De passage à Paris, Kodjovi Obilalé, le gardien des Éperviers, blessé par balles lors de l'attaque du Cabinda, s'est confié à Afrik-foot. Aujourd'hui, handicapé à vie, l'ancien international togolais, 26 ans, dresse un bilan de sa situation.
Afrik-foot : Kodjovi, un an après l'attaque du bus, comment vous-sentez vous ?
Kodjovi Obilalé: Physiquement et moralement, ce n'est pas le top. Il y a des jours avec et il y a des jours sans. Ma douleur au dos ne me lâche pas. J'ai des tremblements et parfois je pète un plomb. Tous les jours, j'ai des soins avec mon kiné. Je ne suis pas bien dans ma peau. Je ne peux pas travailler ni faire de sport. Ce n'est pas une vie de rien faire. J'avais pourtant commencé une formation en informatique mais j'ai du arrêté à cause des médicaments. Les anti-douleurs me shootent trop. Je ne peux pas me concentrer, je fais donc un break le temps qu'on me change mon traitement.

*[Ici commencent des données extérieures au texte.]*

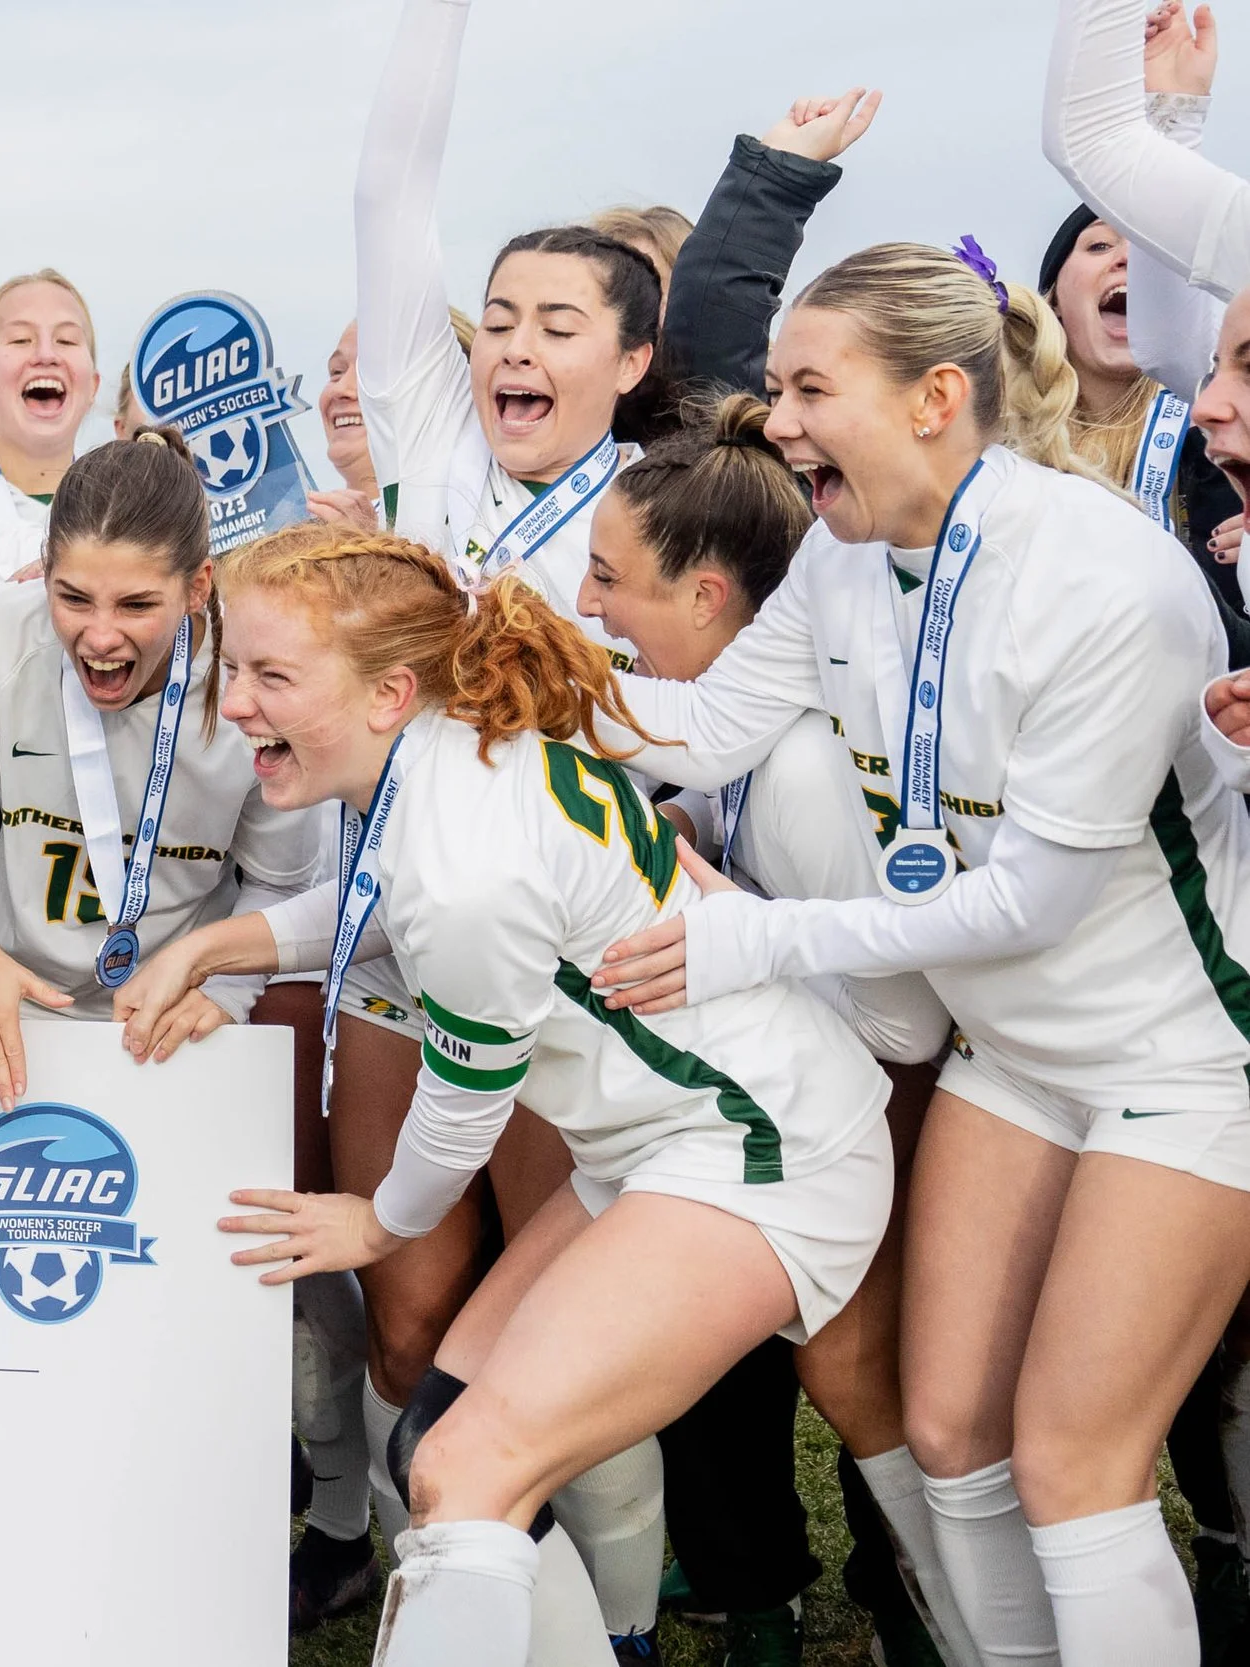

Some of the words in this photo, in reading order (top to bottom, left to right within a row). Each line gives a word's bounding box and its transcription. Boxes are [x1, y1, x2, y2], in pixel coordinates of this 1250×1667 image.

[153, 337, 250, 408] GLIAC
[171, 402, 217, 434] OMEN'S
[219, 386, 269, 415] SOCCER
[209, 494, 247, 522] 023
[514, 495, 559, 538] TOURNAMENT
[1152, 471, 1166, 521] CHAMPIONS
[208, 509, 266, 542] RNAMENT
[208, 527, 266, 557] AMPIONS
[523, 506, 563, 545] CHAMPIONS
[925, 578, 944, 650] CHAMPIONS
[932, 576, 955, 661] TOURNAMENT
[149, 725, 168, 797] TOURNAMENT
[155, 732, 173, 794] CHAMPIONS
[911, 734, 924, 803] CHAMPIONS
[921, 732, 934, 813] TOURNAMENT
[367, 776, 400, 851] TOURNAMENT
[123, 861, 142, 924] OURNAMENT
[427, 1018, 471, 1062] PTAIN
[7, 1229, 92, 1243] TOURNAMENT
[57, 1220, 102, 1233] SOCCER

Afrik-foot : Quels sont vos rapports avec la CAF et la Fédération togolaise de football (FTF)?
Je n'ai pas trop de rapports avec eux. La fédération ne prend pas spécialement de mes nouvelles. Ils ont juste payé mes soins hospitaliers. Quand à la CAF, ils ne m'ont jamais appelé ni même envoyé une lettre depuis l'attaque. Je leur en veux beaucoup. C'est eux qui nous ont exposé à ce risque. L'Angola est en guerre, c'est une zone dangereuse et ils organisent la CAN là-bas. Tout ça pour l'argent. J'avais l'intention de porter plainte mais la procédure risque d'être longue. Je ne sais pas si je vais le faire. C'est mon avocat qui se charge du dossier.

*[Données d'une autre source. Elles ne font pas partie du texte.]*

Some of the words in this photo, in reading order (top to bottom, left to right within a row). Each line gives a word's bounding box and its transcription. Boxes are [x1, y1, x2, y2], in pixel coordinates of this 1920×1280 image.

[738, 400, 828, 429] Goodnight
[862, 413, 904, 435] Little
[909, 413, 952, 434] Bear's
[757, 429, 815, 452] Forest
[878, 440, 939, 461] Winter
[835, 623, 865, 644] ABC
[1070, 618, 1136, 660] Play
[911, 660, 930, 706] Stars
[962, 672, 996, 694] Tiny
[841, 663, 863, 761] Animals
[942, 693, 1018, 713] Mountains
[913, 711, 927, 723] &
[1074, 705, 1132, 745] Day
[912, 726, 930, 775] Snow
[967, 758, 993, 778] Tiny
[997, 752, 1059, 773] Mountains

Afrik-foot : La FIFA vous a indemnisé de 72 000 € est-ce suffisant ?
72 000 €, c'est beaucoup d'argent. Je ne vais pas cracher dans la soupe mais ce n'est pas suffisant. Tous les jours, je souffre pour manger, pour me déplacer et même pour faire mes besoins. Personne n'est à ma place. Cet argent ne me redonnera pas ma vie d'avant et, dans quelques années, je n'aurai plus rien. La vie en Europe n'est pas la même qu'en Afrique. Ici, tout est cher. Alors, quand on a pas de rentrée d'argent régulière, cela pose forcément un problème.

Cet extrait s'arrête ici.